Where the Budget Actually Goes
Independent research paints a picture most ad vendors would rather you not look at too closely.
- Up to 20–30% of programmatic ad spend is lost to fraud: bots, invalid traffic, and impressions that were technically “served” but never reached a human eye.
- Another 25–50% leaks through media efficiency loss: inflated CPMs, poor inventory placements, over-targeting that saturates the same small audience, and reach that misses the in-market buyers you actually care about.
- Contact data loses accuracy at 25–30% per year as buyers change jobs, titles, and responsibilities.
On a $250,000 annual programmatic budget, it’s entirely plausible that less than half ever reaches a qualified buyer who matches your ICP.
The dashboards don’t show you this. The platforms don’t volunteer it. Most vendors have no incentive to surface it.
The Incentive Problem Nobody Talks About
This is the part worth sitting with.
Your agency is paid a percentage of media spend. They win when you spend more.
Your ABM platform charges an annual license; they win whether the ads work or not. The DSP algorithm optimizes for CTR, because CTR is what it was built to maximize. None of that is the same as your ad budget reaching real, verified buyers at named accounts who match your ICP.
Your agency is paid to buy media.
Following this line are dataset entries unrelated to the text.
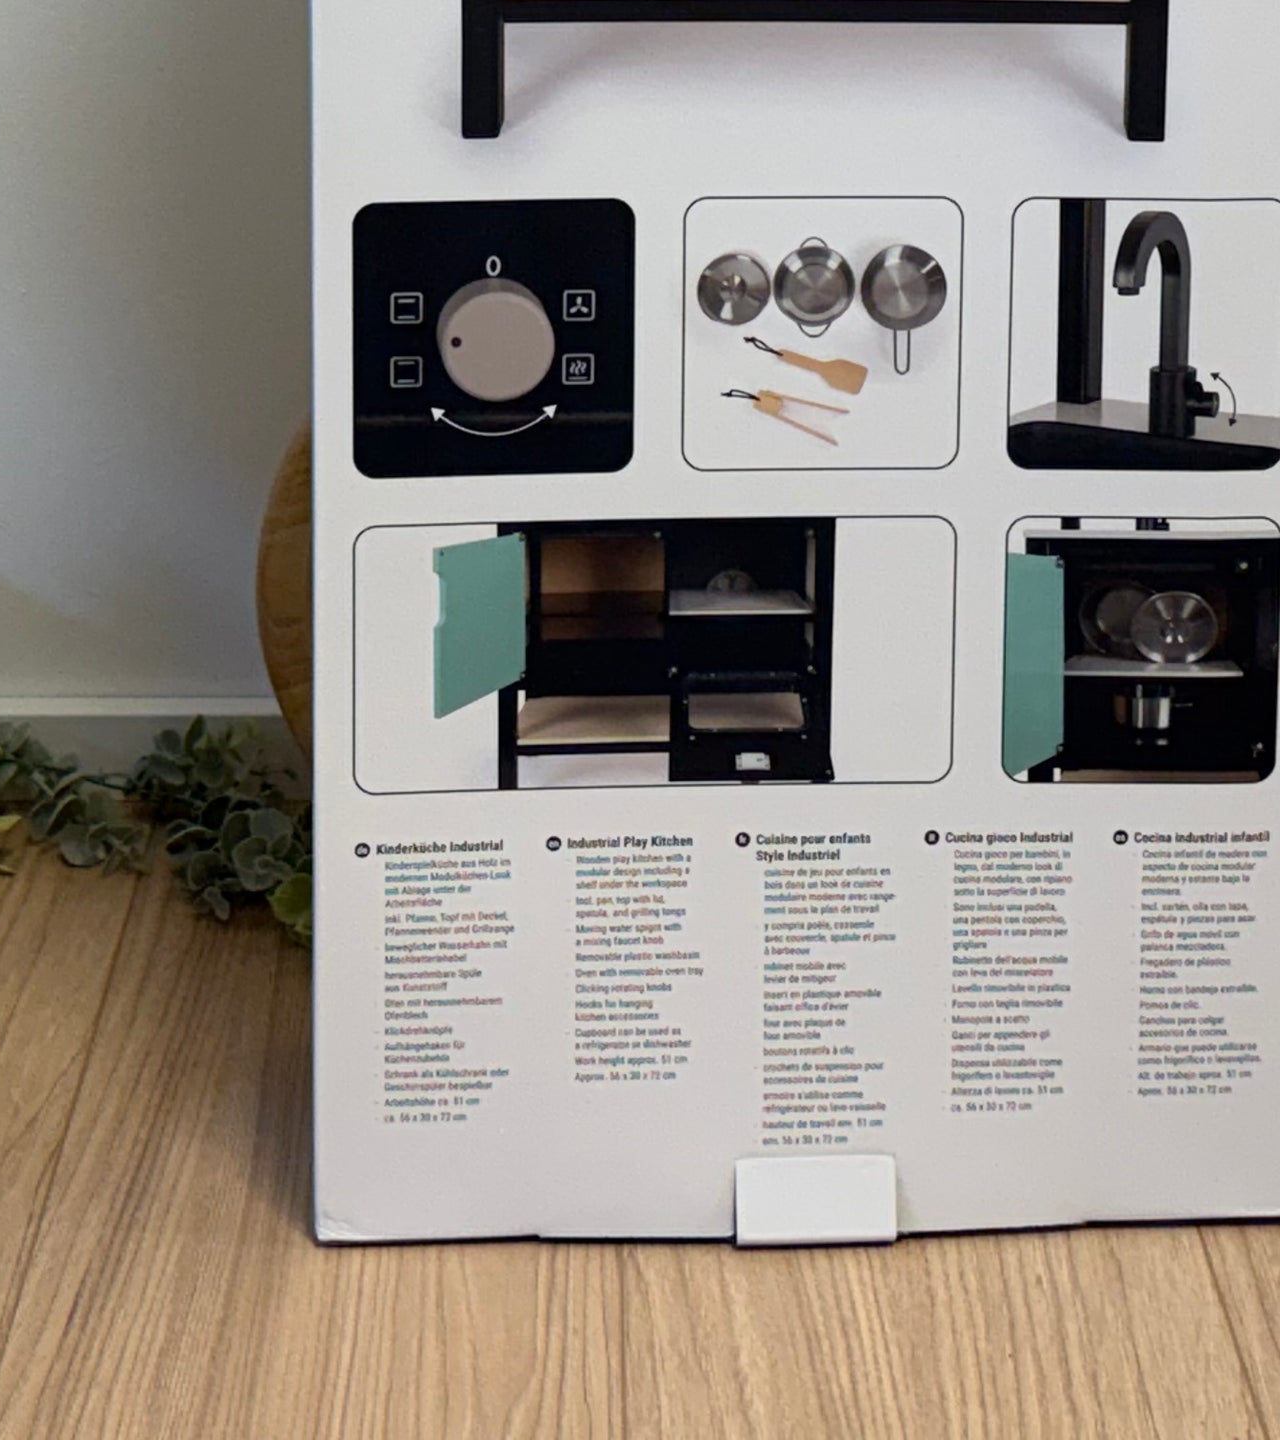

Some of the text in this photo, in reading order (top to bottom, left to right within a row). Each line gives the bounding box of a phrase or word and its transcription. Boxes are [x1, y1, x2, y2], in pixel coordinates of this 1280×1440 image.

[486, 255, 501, 277] 0
[567, 838, 620, 849] Industrial
[624, 836, 647, 849] Play
[651, 836, 693, 846] Kitchen
[756, 834, 797, 845] Cuisine
[801, 836, 825, 845] pour
[829, 834, 870, 844] enfants
[945, 832, 983, 843] Cucina
[986, 834, 1017, 845] gioco
[1020, 832, 1073, 843] Industrial
[1134, 832, 1172, 843] Cocina
[1175, 832, 1228, 843] industrial
[1231, 831, 1270, 842] infantil
[376, 843, 446, 854] Kinderküche
[450, 841, 503, 852] Industrial
[756, 850, 840, 862] Style Industriel
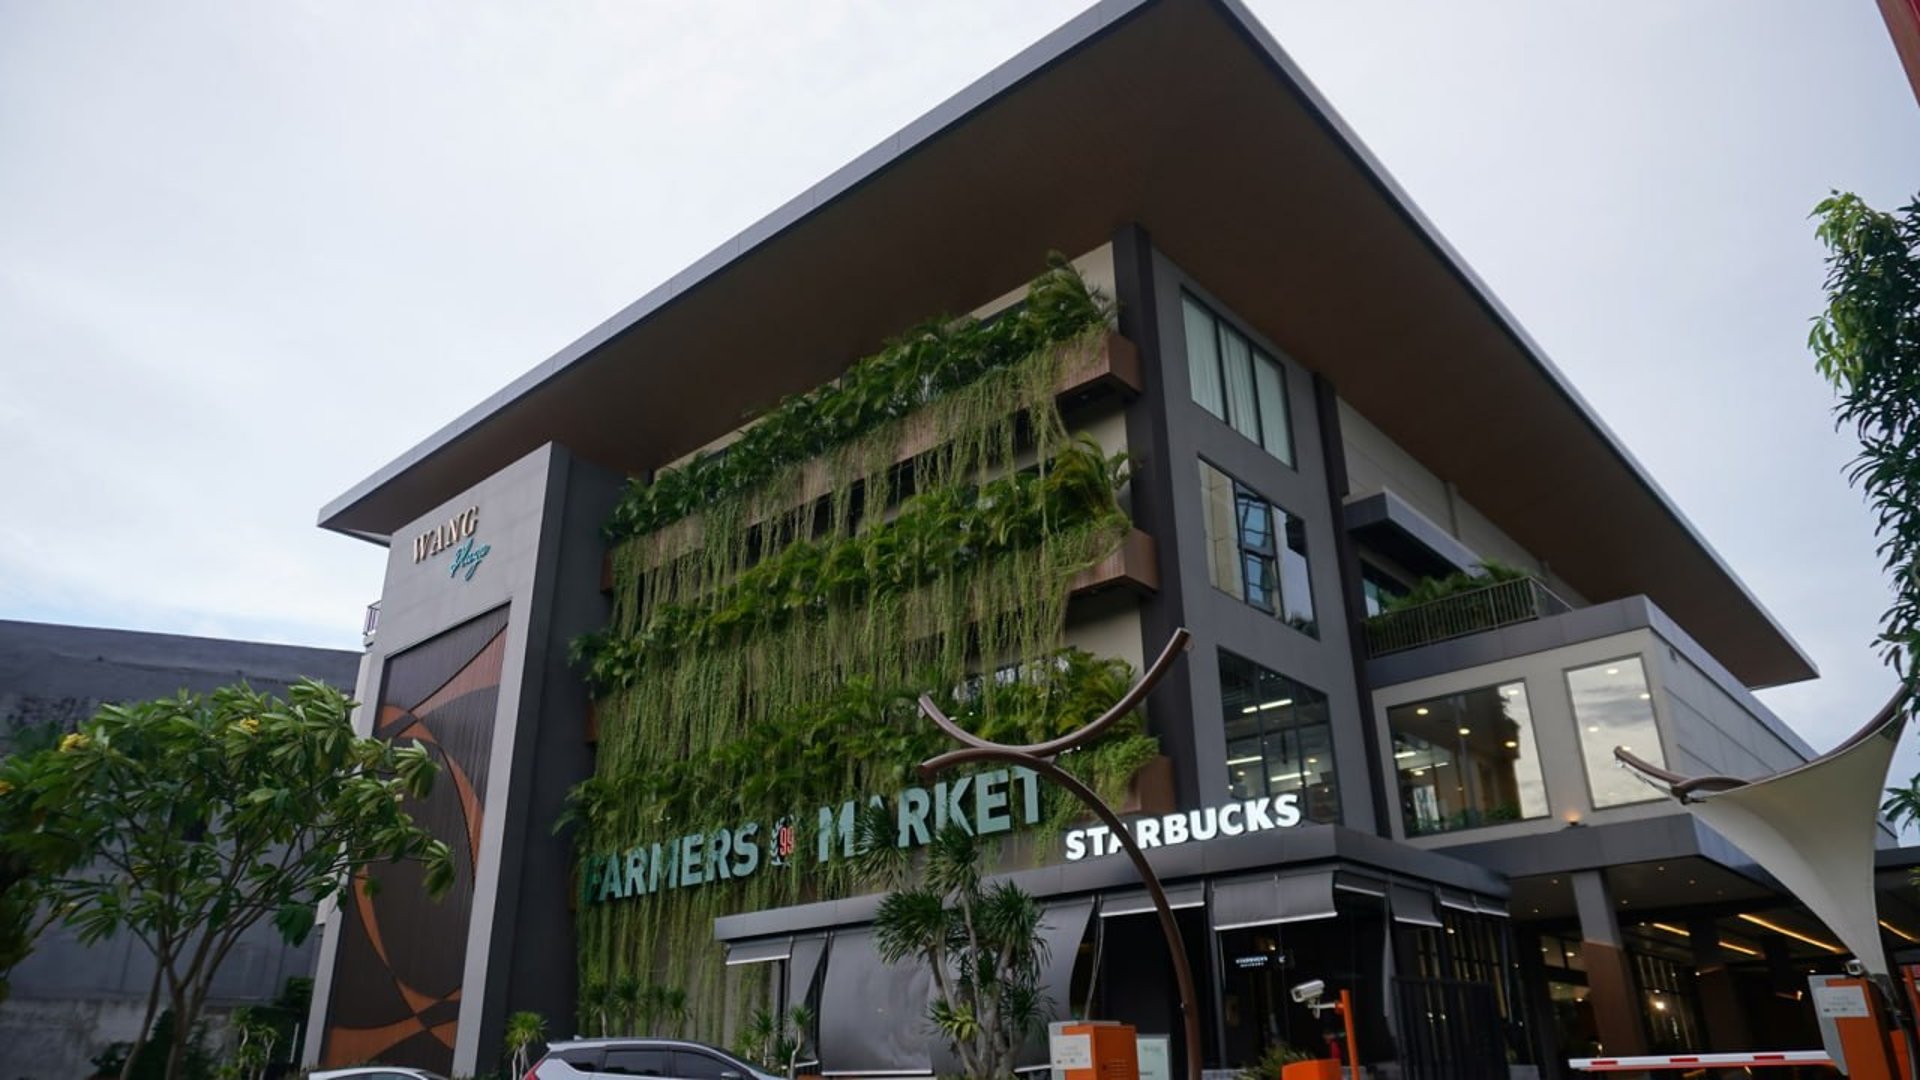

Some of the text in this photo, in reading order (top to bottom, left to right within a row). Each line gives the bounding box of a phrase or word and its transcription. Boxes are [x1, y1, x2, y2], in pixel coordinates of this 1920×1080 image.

[413, 505, 479, 564] WANG
[779, 825, 795, 857] 99
[818, 765, 1040, 864] MRKET
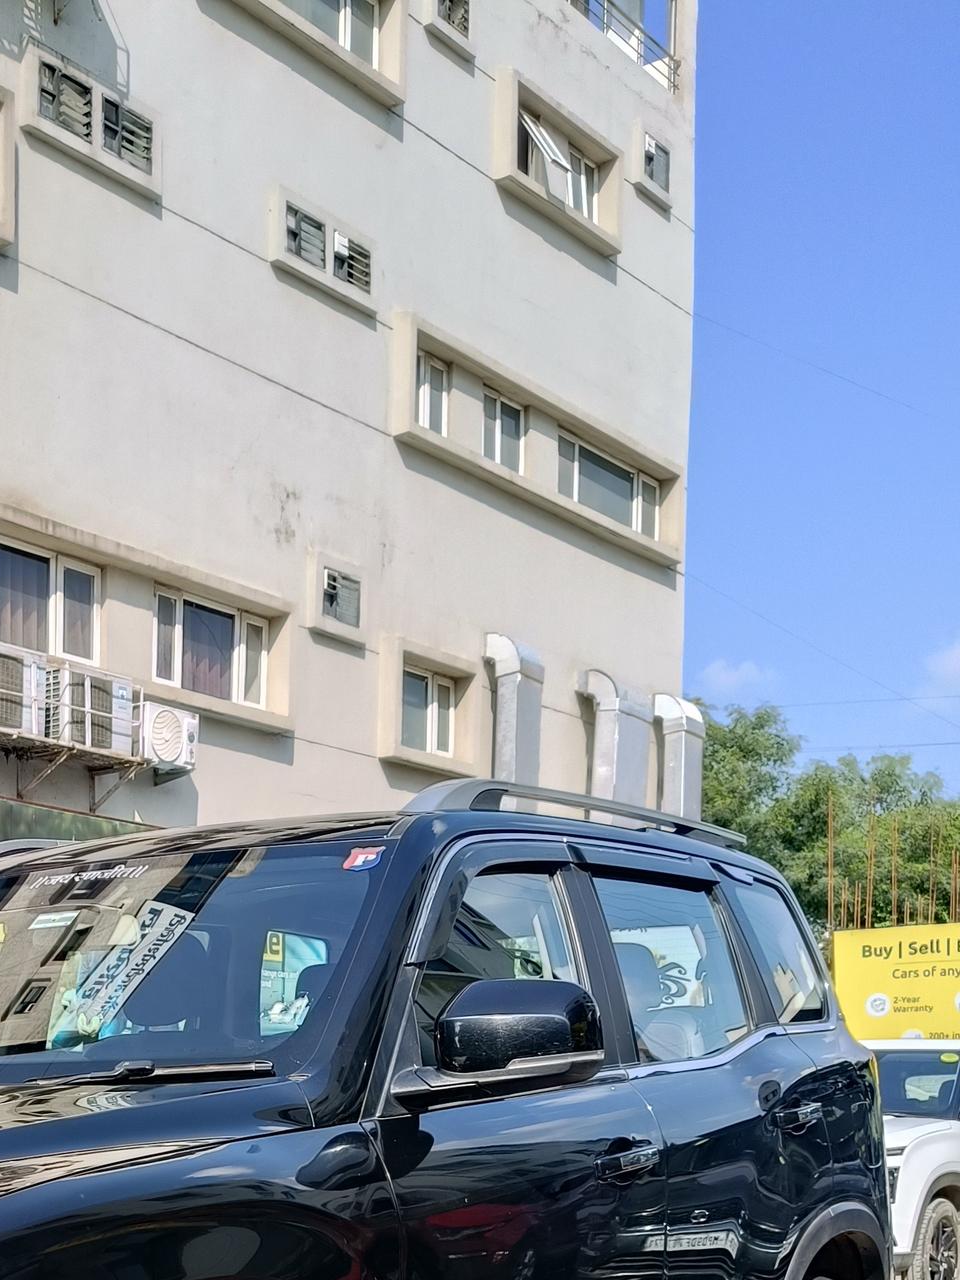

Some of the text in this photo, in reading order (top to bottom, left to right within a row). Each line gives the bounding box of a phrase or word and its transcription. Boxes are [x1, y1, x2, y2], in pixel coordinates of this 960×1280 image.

[862, 945, 892, 959] Buy
[908, 939, 941, 955] Sell
[892, 969, 919, 979] Cars
[923, 966, 936, 977] of
[893, 996, 920, 1004] 2-Year
[893, 1005, 933, 1013] Warranty
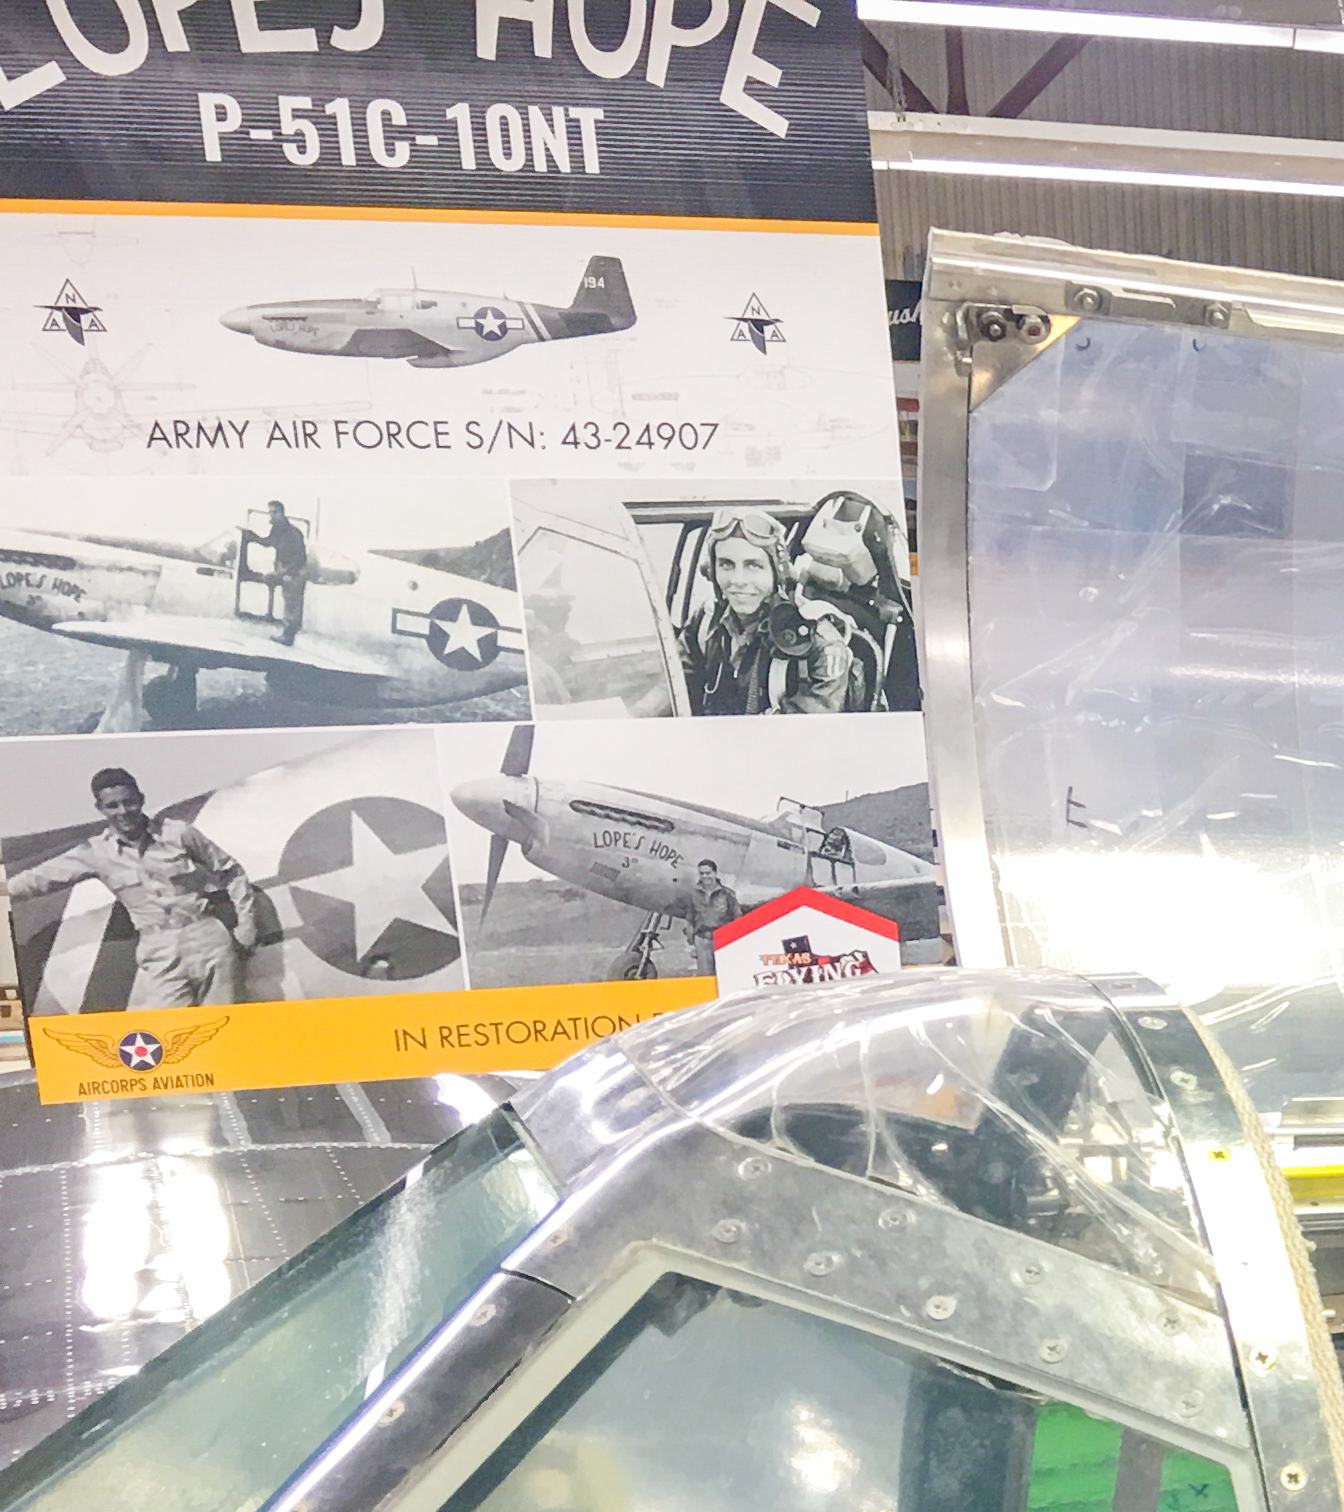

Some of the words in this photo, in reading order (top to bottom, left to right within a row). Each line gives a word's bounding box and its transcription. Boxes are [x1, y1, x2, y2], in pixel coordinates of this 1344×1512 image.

[198, 92, 604, 174] P-51C-10NT
[584, 277, 605, 288] 194
[146, 420, 250, 449] ARMY
[266, 420, 321, 449] AIR
[333, 420, 451, 449] FORCE
[465, 419, 546, 454] S/N:
[561, 421, 719, 450] 43-24907
[649, 840, 684, 869] HOPE
[759, 953, 812, 966] TEXAS
[394, 1028, 427, 1051] IN
[78, 1077, 147, 1096] AIRCORPS
[152, 1073, 214, 1090] AVIATION
We’re paid for what the media does.
The problem isn’t that these vendors are bad at their jobs. It’s that their jobs aren’t the same as yours. You’re trying to build pipeline. They’re optimizing for the metrics that justify their contracts. That misalignment is structural. And it means the waste isn’t accidental; it’s baked in.
What “Finding Your Buyers” Actually Requires
Reaching the right buyer in B2B advertising isn’t a targeting setting. It’s a system. It requires:
- Fraud filtration that keeps invalid traffic below 3%, not the 20–30% industry average
- Premium, curated inventory on publishers your buyers actually consume, not whatever the open exchange serves up
- Human optimization focused on account coverage and buying committee engagement, not an algorithm chasing clicks
- Contact data that’s continuously refreshed, not a static list decaying at 25% per year
- Transparency to see exactly where your ads ran, which publishers served them, and what percentage of impressions were verified as real
Most programmatic vendors can’t offer all of that. Some can’t offer any of it.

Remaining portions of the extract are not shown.